Banks may also use the technology that facilitates crypto to carry out functions currently performed by traditional technologies. For example, JPMorgan Chase (JPM) has begun experimenting with various blockchain applications. Unlike the blockchains employed by cryptocurrencies such as Bitcoin, those used by JPM are accessible only to approved users, usually JPM employees. This controlled use of the technology that supports cryptocurrencies may introduce operational risks, but it is fundamentally different from industry exposure to crypto markets.
Bank Regulatory Policy Initiatives
Regulation of bank involvement in crypto is still evolving. Currently, regulators have not created a transparent and overarching framework for bank participation in crypto. Instead, regulators are making decisions on a case-by-case basis through the supervisory process. In the past decade or so, federal bank regulators have developed guidance and policy to provide clarity to the banking system on permissible crypto activities. However, as leadership has changed and crypto markets have risen and fallen, some agencies have changed their positions on the risk-benefit trade-off of crypto, such that it may not be entirely clear what banks might expect from regulators long term. For example, in 2020 and 2021, then-acting OCC head Brian Brooks issued a series of interpretive letters to provide guidance and clarify that national banks and federal savings associations were authorized to provide custody services for cryptocurrency assets, hold certain stablecoin reserves, and use stablecoins to engage in and facilitate payment activities. But then, current OCC acting head Michael Hsu issued an interpretive letter to clarify that banks must notify and obtain permission from their supervisory offices before they engage in these activities. Similarly, in 2022, the Fed and FDIC separately released supervisory letters informing banks under their jurisdictions that they must notify their regulators before engaging in crypto-related activities.

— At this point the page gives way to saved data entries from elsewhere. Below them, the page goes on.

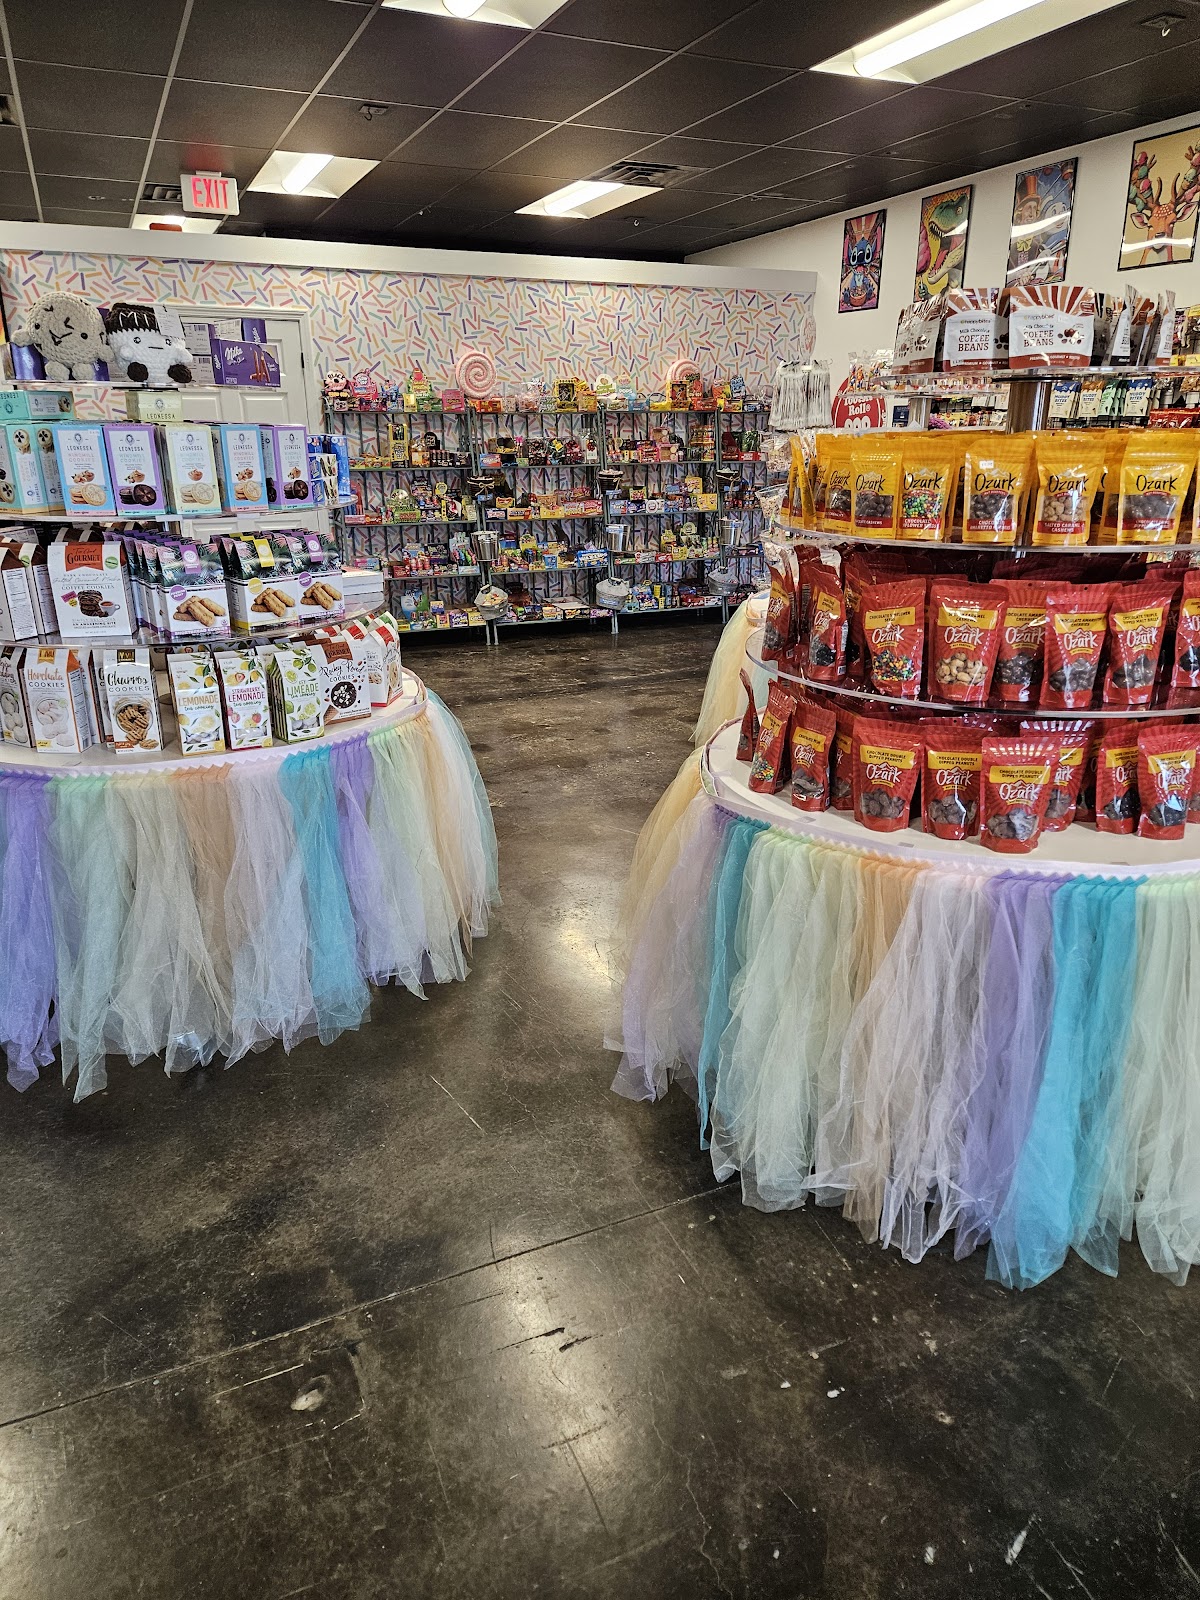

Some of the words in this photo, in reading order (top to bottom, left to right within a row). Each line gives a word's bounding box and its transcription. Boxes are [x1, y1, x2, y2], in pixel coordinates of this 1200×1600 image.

[192, 178, 229, 210] EXIT
[225, 345, 243, 361] Milka
[958, 343, 989, 352] BEANS
[856, 474, 886, 491] Ozark
[904, 472, 942, 490] Ozark
[975, 472, 1016, 492] Ozark
[1049, 475, 1089, 492] Ozark
[1136, 474, 1178, 491] Ozark
[67, 552, 101, 564] GOURMET
[871, 625, 905, 644] Ozark
[944, 626, 985, 646] Ozark
[1005, 627, 1046, 645] Ozark
[1063, 633, 1099, 650] Ozark
[1126, 629, 1158, 648] Ozark
[27, 668, 63, 681] Horchata
[107, 671, 148, 686] Churros
[329, 674, 355, 682] COOKIES
[228, 691, 266, 702] LEMONADE
[287, 682, 319, 695] LIMEADE
[178, 694, 219, 706] LEMONADE
[794, 744, 816, 764] Ozark
[866, 763, 902, 783] Ozark
[936, 769, 973, 786] Ozark
[1054, 765, 1074, 782] ark
[999, 782, 1041, 801] Ozark

Most recently, the federal banking regulators issued a joint statement clarifying that banks are "neither prohibited nor discouraged from providing banking services" to legal crypto firms. However, the statement also emphasized the multiple risks posed by crypto and noted that banks "issuing or holding as principal crypto-assets that are issued, stored, or transferred on an open, public, and/or decentralized network, or similar system is highly likely to be inconsistent with safe and sound banking practices."
One way that banks are regulated for safety and soundness is through capital requirements. Although U.S. regulators have not yet determined under what circumstances banks could hold crypto assets on their balance sheets, the Basel Committee on Bank Supervision (an international forum to devise regulatory standards) is in the process of formulating international capital standards for bank exposures to crypto. Typically, U.S. bank regulators have implemented Basel standards through the domestic rulemaking process.